Setiap kuasa hukum berhak hadir di dalam persidangan Majelis Komisi dengan
surat kuasa, yang aslinya diserahkan kepada panitera sidang pemeriksaan beserta
identitas dari kuasa hukumnya.
2) Pemeriksaan
terhadap Pokok Permasalahan
Pemeriksaan
terhadap pokok permasalahan dibagi dalam dua tahap sebagai berikut:
a. Pemeriksaan oleh
KPPU
Segera setelah selesai dilakukannya tahap Prosedur
Administratif, Persidangan Majelis KPPU dibuka dengan terlebih dahulu dibacakan
tata tertib sidang.

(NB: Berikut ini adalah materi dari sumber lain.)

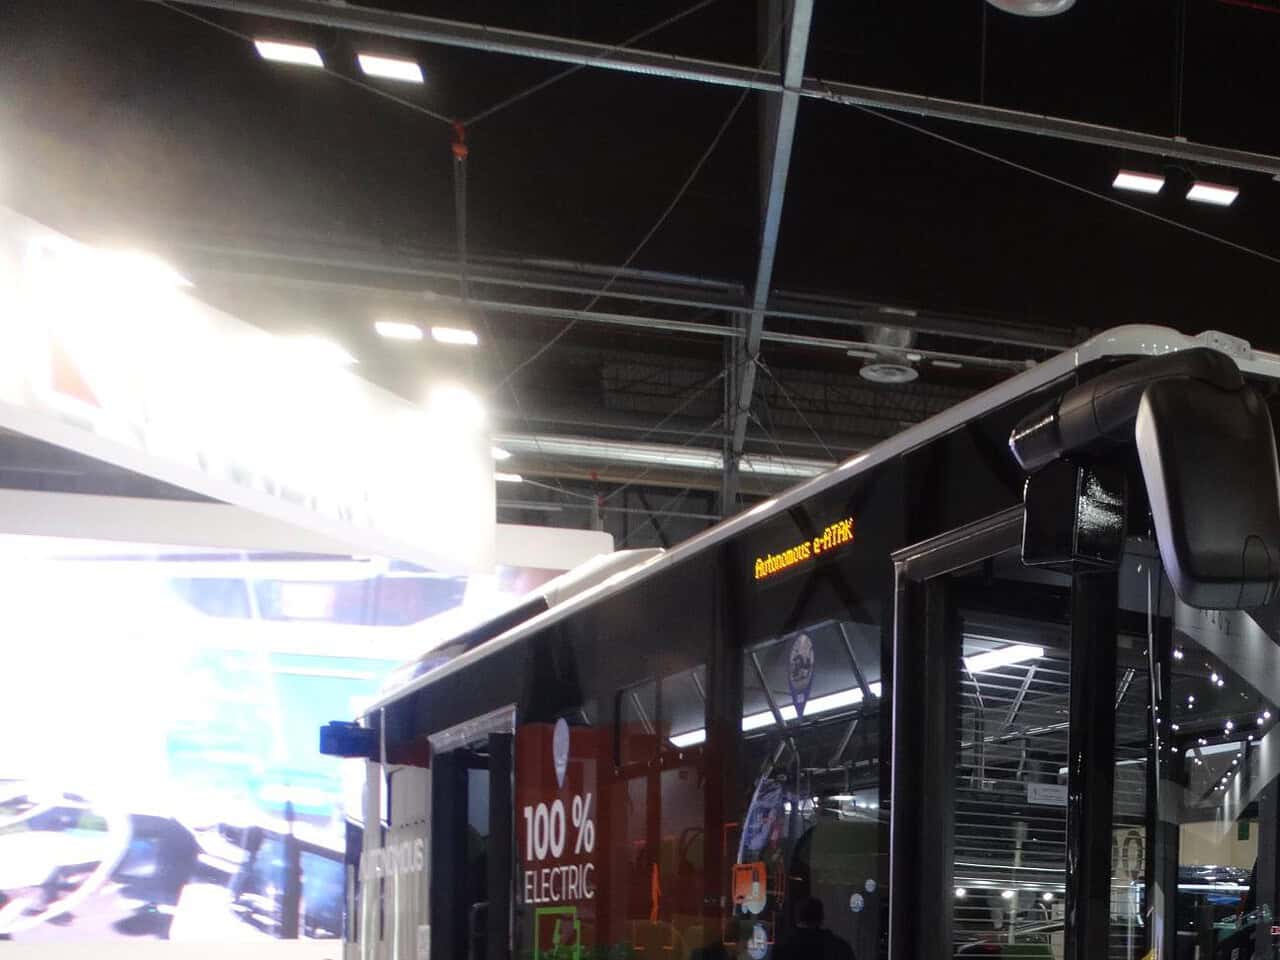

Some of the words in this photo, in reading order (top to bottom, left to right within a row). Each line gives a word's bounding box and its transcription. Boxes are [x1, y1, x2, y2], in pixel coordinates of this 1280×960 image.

KPPU mengartikan pemeriksaan yang dilakukan terhadap pelaku
usaha ataupun saksi-saksi mengacu kepada pemeriksaan dalam hukum acara pidana,
di mana pelaku usaha ataupun saksi langsung diperiksa tanpa adanya hak untuk
diwakilkan kepada penasihat hukum. Namun untuk menjawab pertanyaan yang
diajukan oleh KPPU, Pelaku usaha atau saksi diperkenankan untuk berkonsultasi
dengan penasihat hukumnya dengan seizin Majelis Komisi.
Pemeriksaan
yang dilakukan oleh KPPU sifatnya searah dan pertanyaan yang diajukan
disesuaikan dengan pandangan dari KPPU terhadap permasalahan yang ada.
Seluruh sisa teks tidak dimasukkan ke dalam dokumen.